Tax Tip 2: How to Claim Clothing as a Business Expense

Perhaps the biggest urban myth adopted by people starting their own business is that you can claim the cost of business clothes against tax. In most cases, you can’t.

The taxman has different rules for clothes that are

- everyday clothes

- a uniform

- protective clothing

- a costume

Everyday clothes

Many a keen business student amongst you will remember the case of Mallalieu v Drummond [1983]. A barrister claimed the cost of replacing and laundering her court clothes against tax as it was a requirement of her profession to dress in a certain way to attend court. The House of Lords refused this.

A business cannot claim against tax the costs of clothing which forms part of an ‘everyday' wardrobe. This remains so even where the taxpayer can show that they only wear such clothing in the course of their profession – whether they are a recruitment consultant, a software engineer or a taxi driver. It is irrelevant that the person chooses not to wear the clothing in question on non-business occasions, the only question is whether the clothing might suitably be worn as part of a hypothetical person’s ‘everyday' wardrobe.

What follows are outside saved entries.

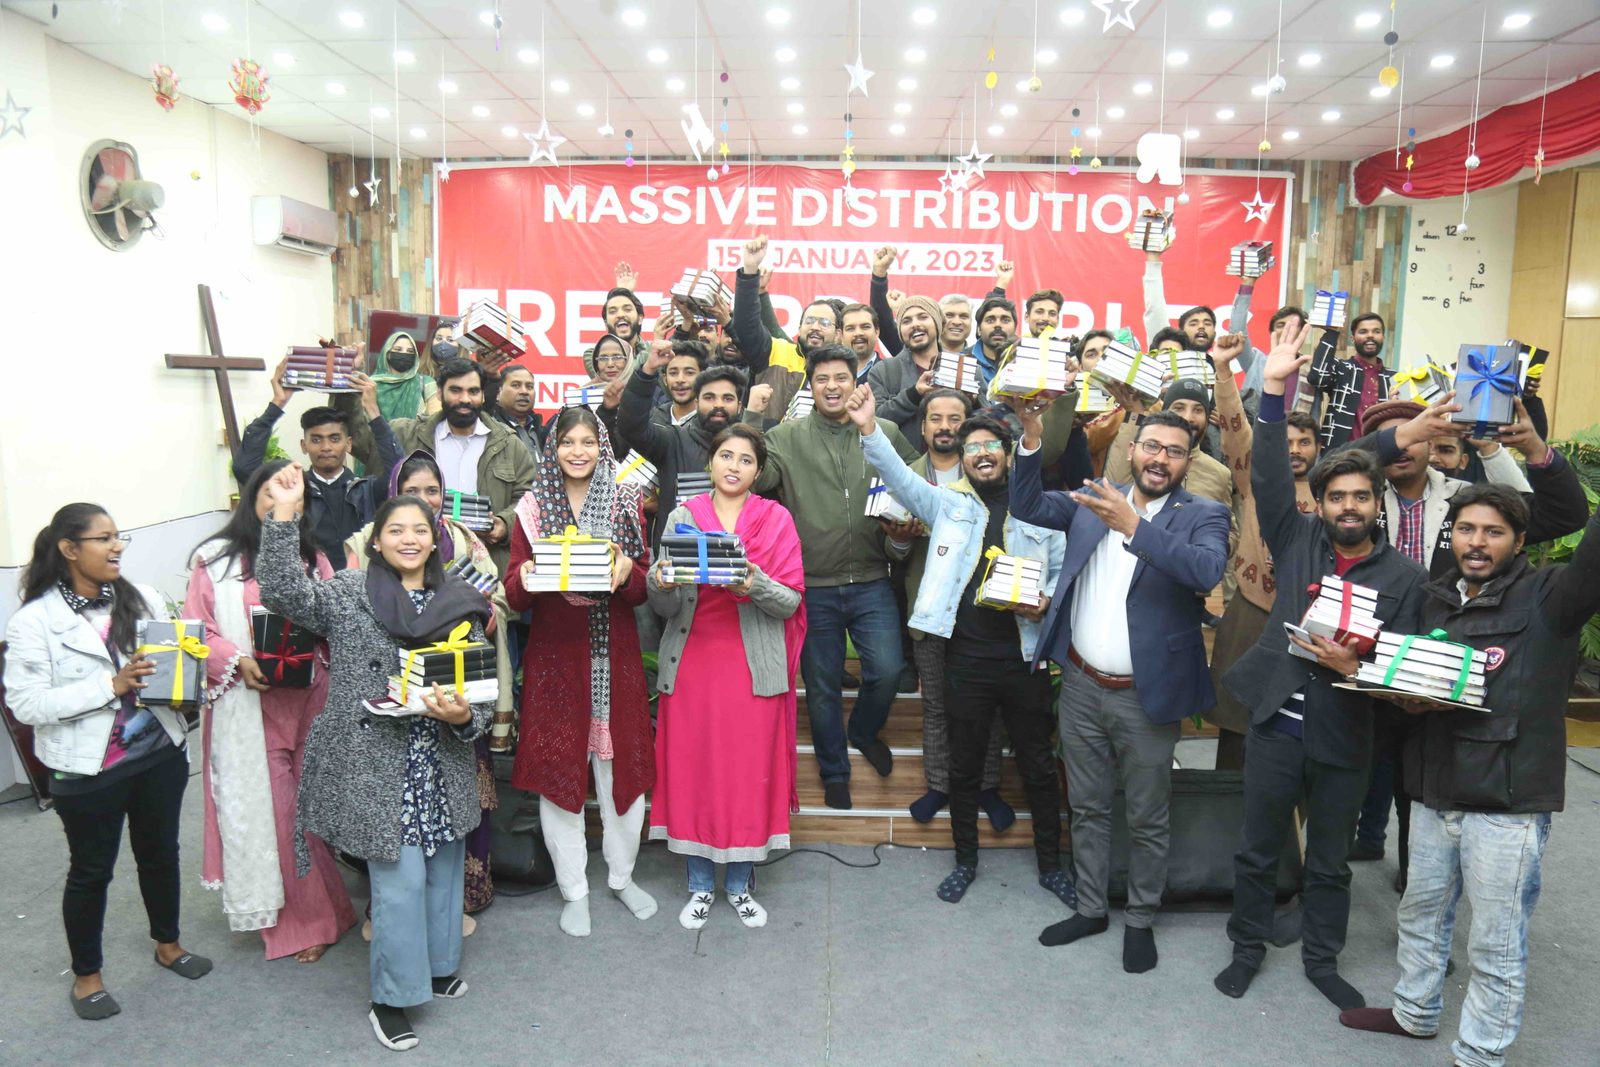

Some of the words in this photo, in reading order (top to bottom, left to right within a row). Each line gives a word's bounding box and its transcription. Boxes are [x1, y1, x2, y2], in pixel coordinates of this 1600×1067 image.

[544, 185, 777, 225] MASSIVE
[791, 187, 1175, 234] DISTRIBUTION
[1445, 225, 1457, 236] 12
[772, 247, 917, 273] JANUAY,
[926, 249, 996, 272] 2023
[1410, 262, 1418, 273] 9
[1478, 263, 1485, 274] 3
[1443, 298, 1451, 309] 6
[458, 288, 664, 358] RE

Most professionals have to keep up appearances but their clothing costs are not. allowable. This rule applies to the accountant’s suit, the software techies check shirt, and the gym instructor’s trainers. The clothes have a professional purpose, but are also worn for warmth and decency.

So how can I claim clothing costs as a business expense?

Uniform

The cost of clothing that is not part of an ‘everyday' wardrobe can be claimed against tax. This would include uniforms for the police and nurses for example. Clothing with an embroidered company logo would also fit the uniform definition.

Protective clothing

The cost of clothing work to protect a worker against injury or for health and safety purposes is tax deductible. This can apply in particular to the trades industries (work-boots, hard hat, knee pads, gloves, overalls etc.)

Costume

Ever wondered why actresses spend so much money on a dress for a film premiere (other than to get in the papers)? Because its tax deductible of course! In the taxman’s own words “A film actress may acquire an evening gown solely for the purpose of attending the premiere performance of her latest film. The cost of the gown is allowable (against tax)”

The cost of clothing acquired for a film, stage or TV performance is also allowable. The clothing in such event is not part of ‘an everyday wardrobe'; it is ‘costume’ used in a performance.